##### INFORMATION
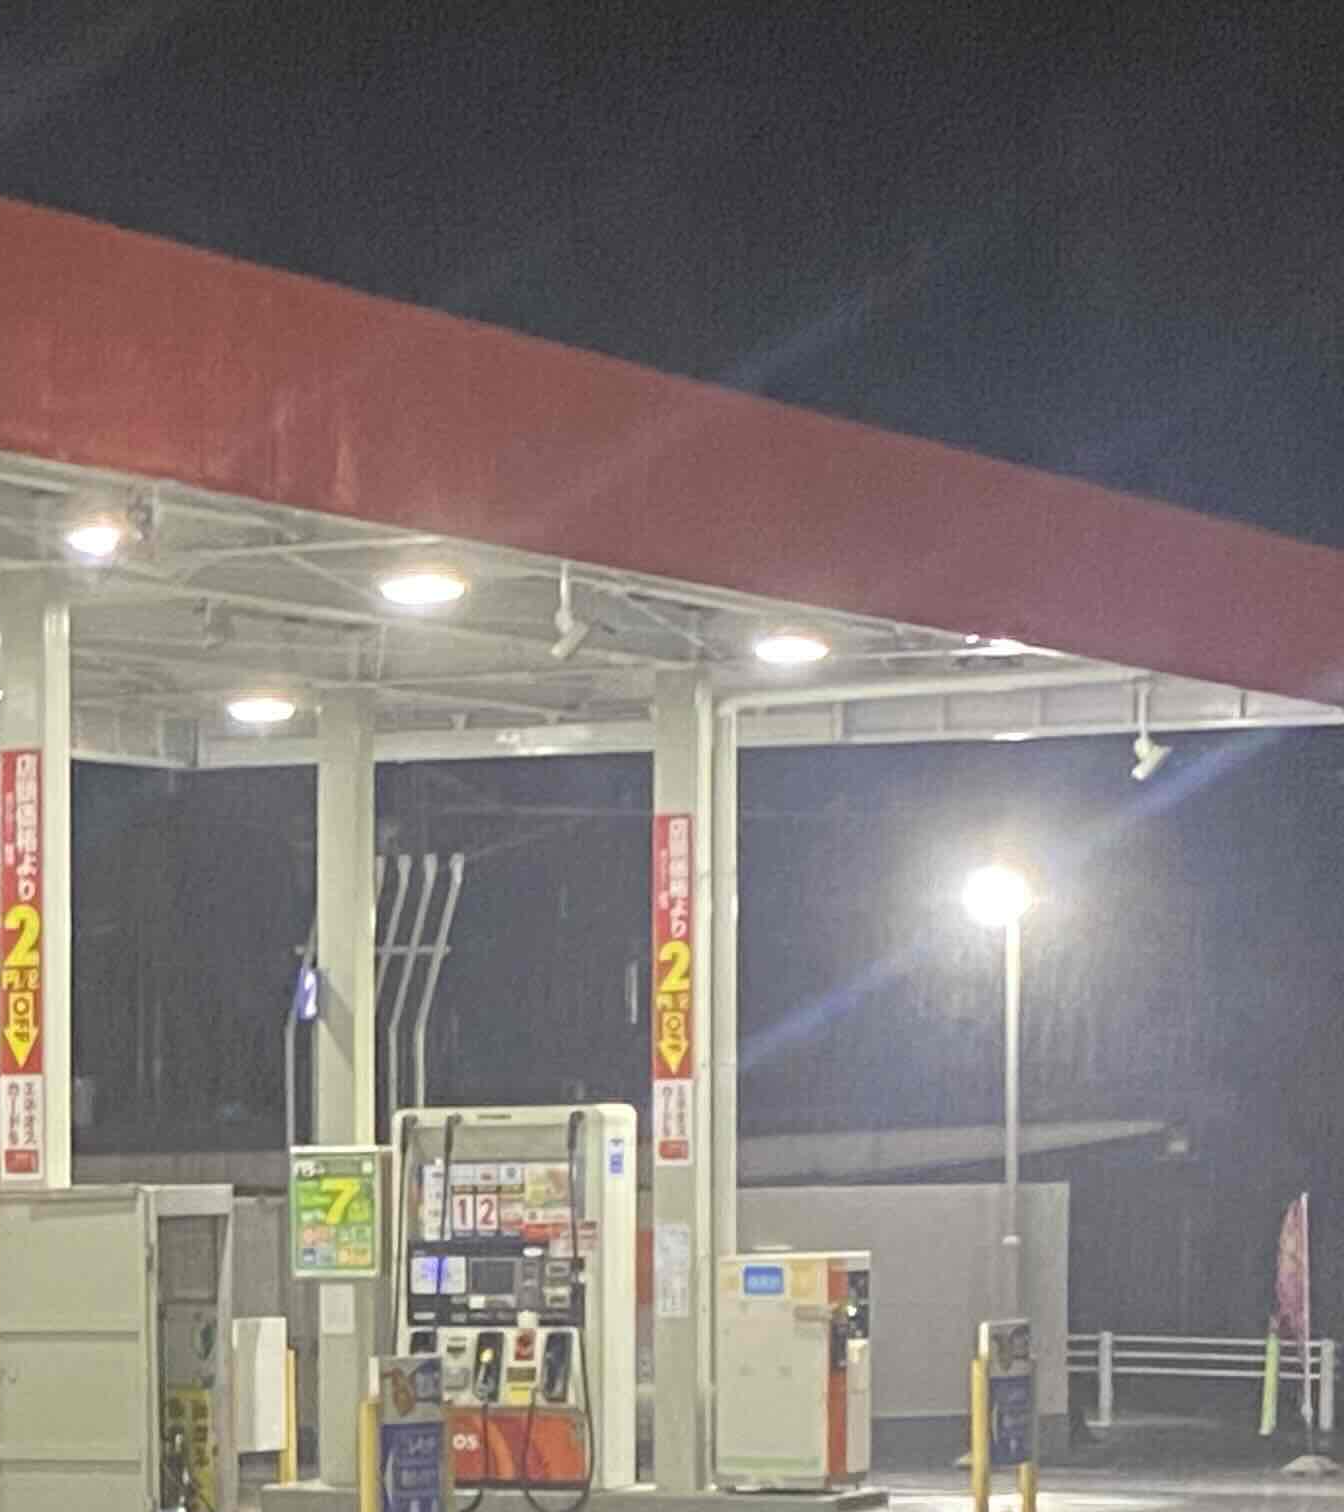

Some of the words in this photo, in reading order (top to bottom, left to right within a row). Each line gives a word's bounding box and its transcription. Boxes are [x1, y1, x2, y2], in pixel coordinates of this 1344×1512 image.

[2, 904, 41, 966] 2
[658, 940, 691, 990] 2
[13, 997, 31, 1044] OFF
[321, 1179, 358, 1226] 7
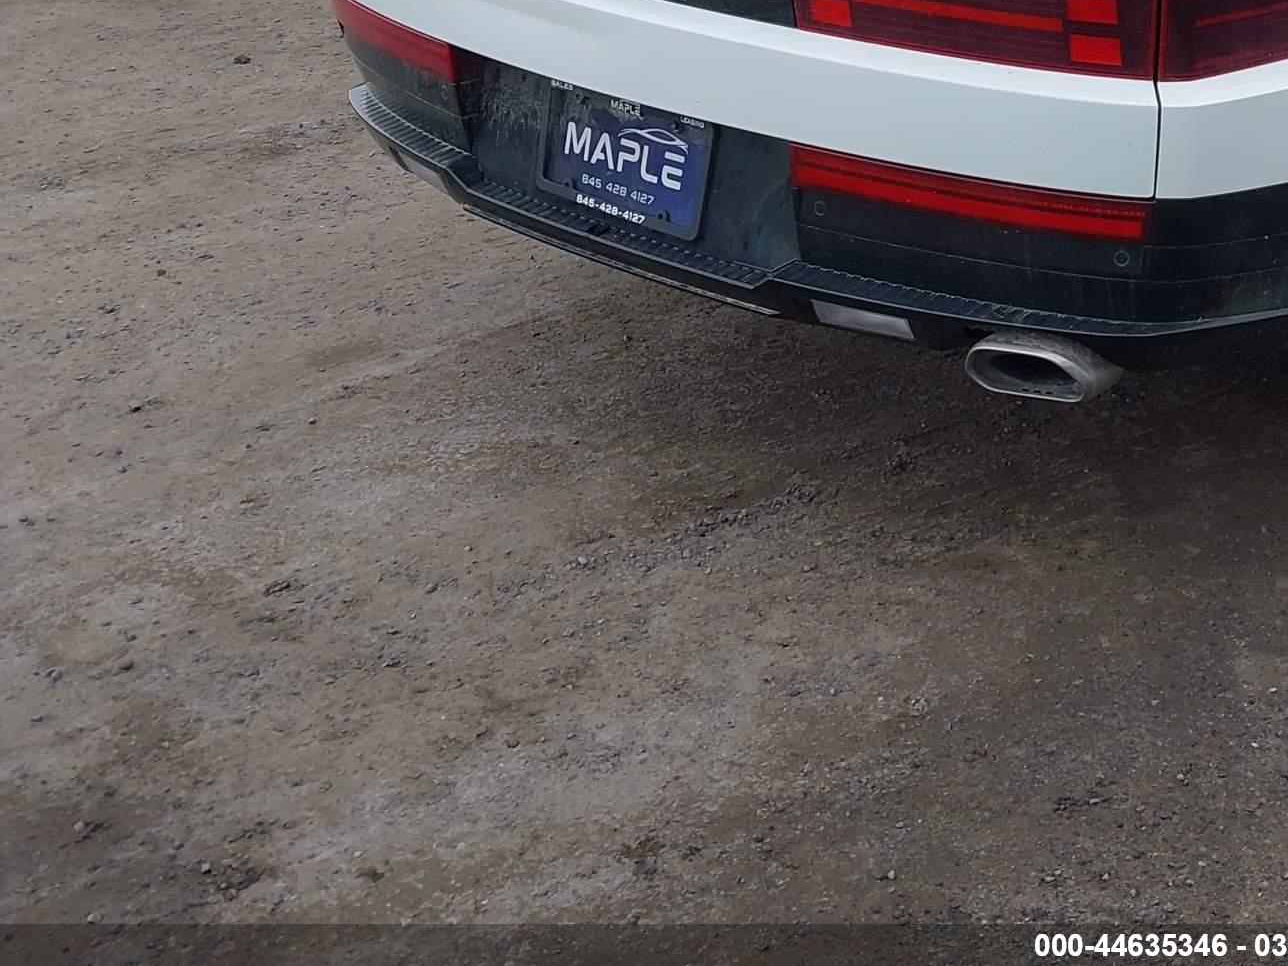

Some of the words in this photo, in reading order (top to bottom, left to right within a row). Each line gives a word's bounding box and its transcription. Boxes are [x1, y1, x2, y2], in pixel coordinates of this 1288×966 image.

[550, 79, 574, 91] SALES
[610, 99, 641, 116] MAPLE
[564, 121, 686, 191] MAPLE
[581, 173, 602, 189] 845
[605, 182, 628, 197] 428
[630, 190, 655, 205] 4127
[576, 193, 646, 224] 845-428-4127
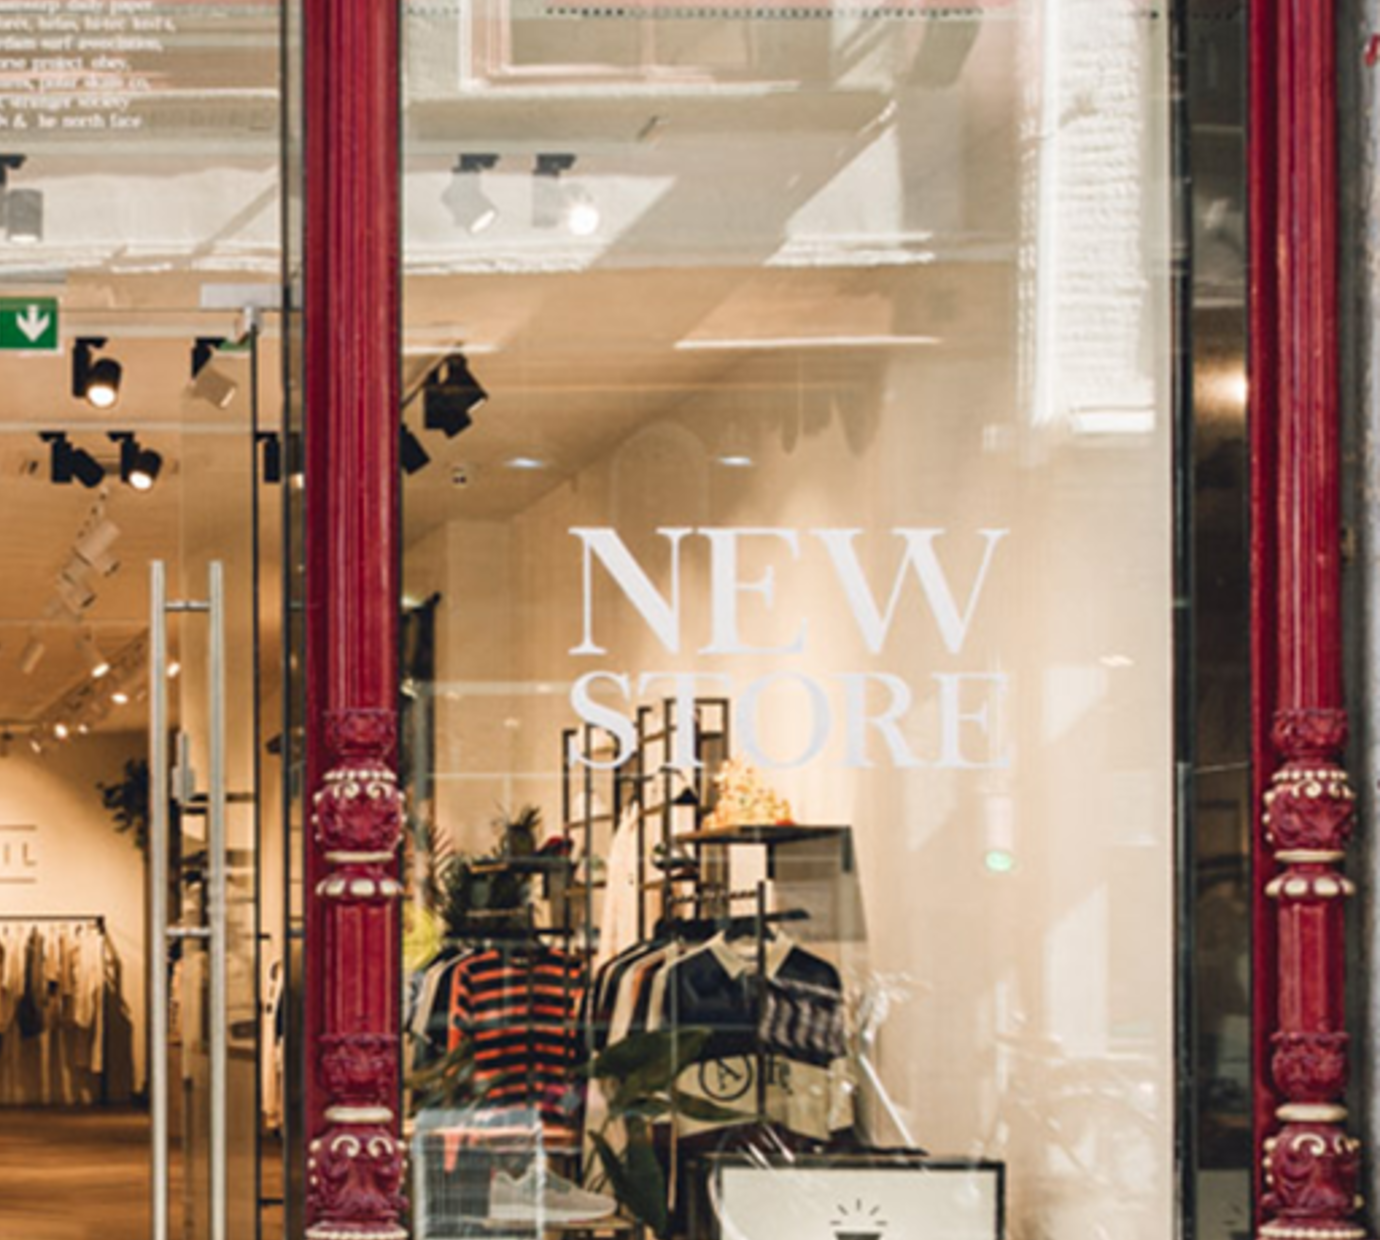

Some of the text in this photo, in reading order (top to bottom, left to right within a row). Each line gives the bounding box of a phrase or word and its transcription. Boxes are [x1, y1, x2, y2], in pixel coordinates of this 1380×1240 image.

[40, 35, 74, 51] surf
[12, 113, 27, 129] &
[61, 113, 106, 128] north
[109, 113, 143, 128] face
[568, 527, 1011, 656] NEW
[569, 671, 1011, 770] STORE
##########
▶ [EXERCISE DESCRIPTION] An answer that restates all the entries exactly and drops the images is what is needed.

▶ [SOLUTION FOR THIS EXERCISE]
Some of the words in this photo, in reading order (top to bottom, left to right within a row). Each line gives a word's bounding box and its transcription. Boxes are [x1, y1, x2, y2], in pixel coordinates of this 1344×1512 image.

[2, 904, 41, 966] 2
[658, 940, 691, 990] 2
[13, 997, 31, 1044] OFF
[321, 1179, 358, 1226] 7

Some of the words in this photo, in reading order (top to bottom, left to right within a row). Each line gives a word's bounding box and its transcription. Boxes are [x1, y1, x2, y2], in pixel coordinates of this 1288×966 image.

[550, 79, 574, 91] SALES
[610, 99, 641, 116] MAPLE
[564, 121, 686, 191] MAPLE
[581, 173, 602, 189] 845
[605, 182, 628, 197] 428
[630, 190, 655, 205] 4127
[576, 193, 646, 224] 845-428-4127

Some of the text in this photo, in reading order (top to bottom, left to right within a row). Each line gives the bounding box of a phrase or word and its transcription. Boxes are [x1, y1, x2, y2], in pixel coordinates of this 1380×1240 image.

[40, 35, 74, 51] surf
[12, 113, 27, 129] &
[61, 113, 106, 128] north
[109, 113, 143, 128] face
[568, 527, 1011, 656] NEW
[569, 671, 1011, 770] STORE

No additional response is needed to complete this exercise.